Before you can paint glass with any success, take the time to clean it thoroughly. Use hot and soapy water in combination with a clean cotton cloth. Wait for the glass to dry completely before you proceed. Also, bear in mind that to avoid smudging the glass with your fingers, it’s wise to wear latex gloves while you work.
No matter what type of glass paint you have chosen to use, be sure to read the instructions that came with the product. For some glass paints, there are peripheral steps to execute, such as applying an undercoat or overcoat. Ignoring such requirements could mean compromising the quality of your finish.

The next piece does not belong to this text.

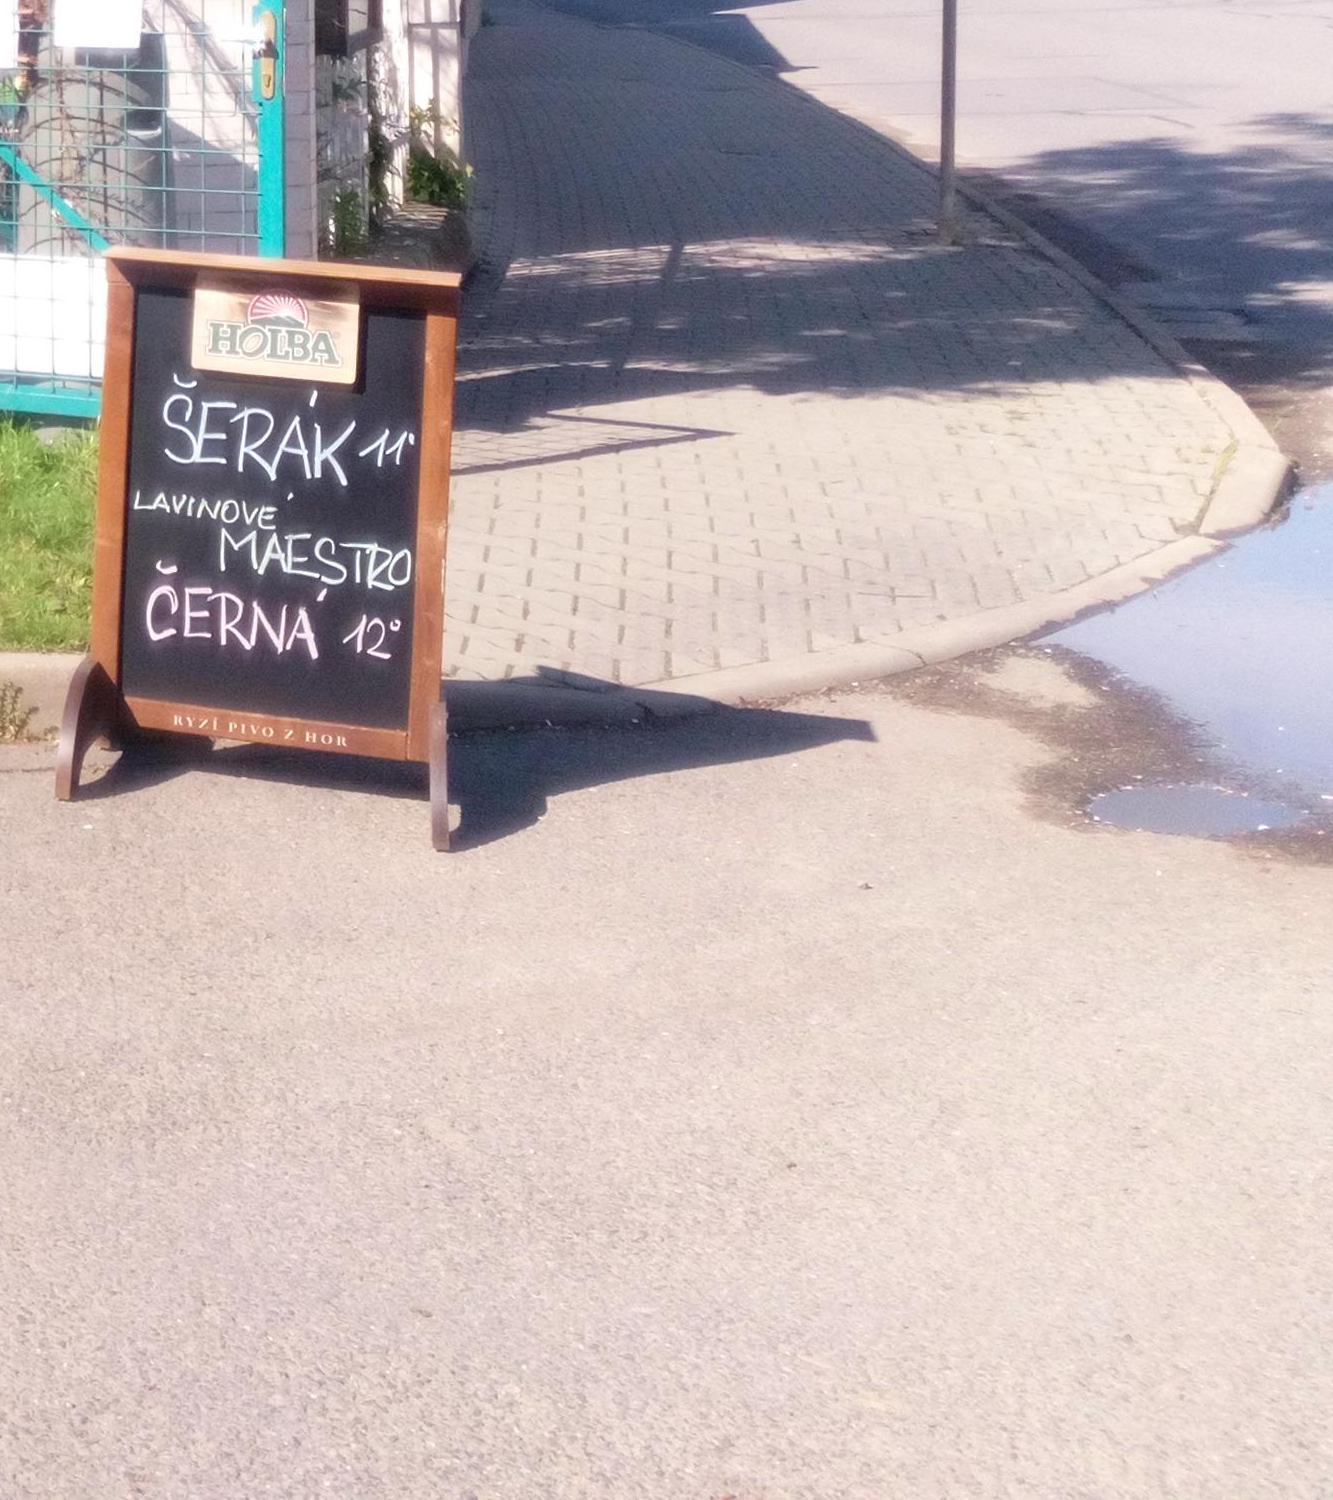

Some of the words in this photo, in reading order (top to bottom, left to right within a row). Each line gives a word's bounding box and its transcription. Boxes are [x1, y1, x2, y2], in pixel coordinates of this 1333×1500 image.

Any type of paintbrush may be used. While synthetic-bristle brushes leave visible strokes, natural-bristle brushes give you smooth, even coverage. Applicator sponges, meanwhile, are the most common choice for painting with a stencil. Do-it-yourselfers typically find a stencil or transfer can make the project easier.
If you can access both sides of the glass surface you are painting, then consider the following approach. It’s not stenciling per se, but the technique is similar, and if you’re aiming to create a specific, preplanned pattern, it’s easier to do it this way (as opposed to freehand). Simply trace your pattern onto a piece of paper, then hold that paper against the glass on the side opposite to the one you are painting. As you go along, the pattern will serve as a guide to help you keep your lines straight and your proportions correct.
The necessity of the next step depends on the glass paint you’ve chosen. The issue is that in order to retain its finish, painted glassware often needs to be baked; the oven heat stabilizes the paint and gives it durability. Consult the instructions that came with your product to determine whether this step is required. If you haven’t yet made a purchase, try to find a glass paint that can last without baking. Know too that glass paint markers are an option; their fine tips are particularly good for detail work and writing.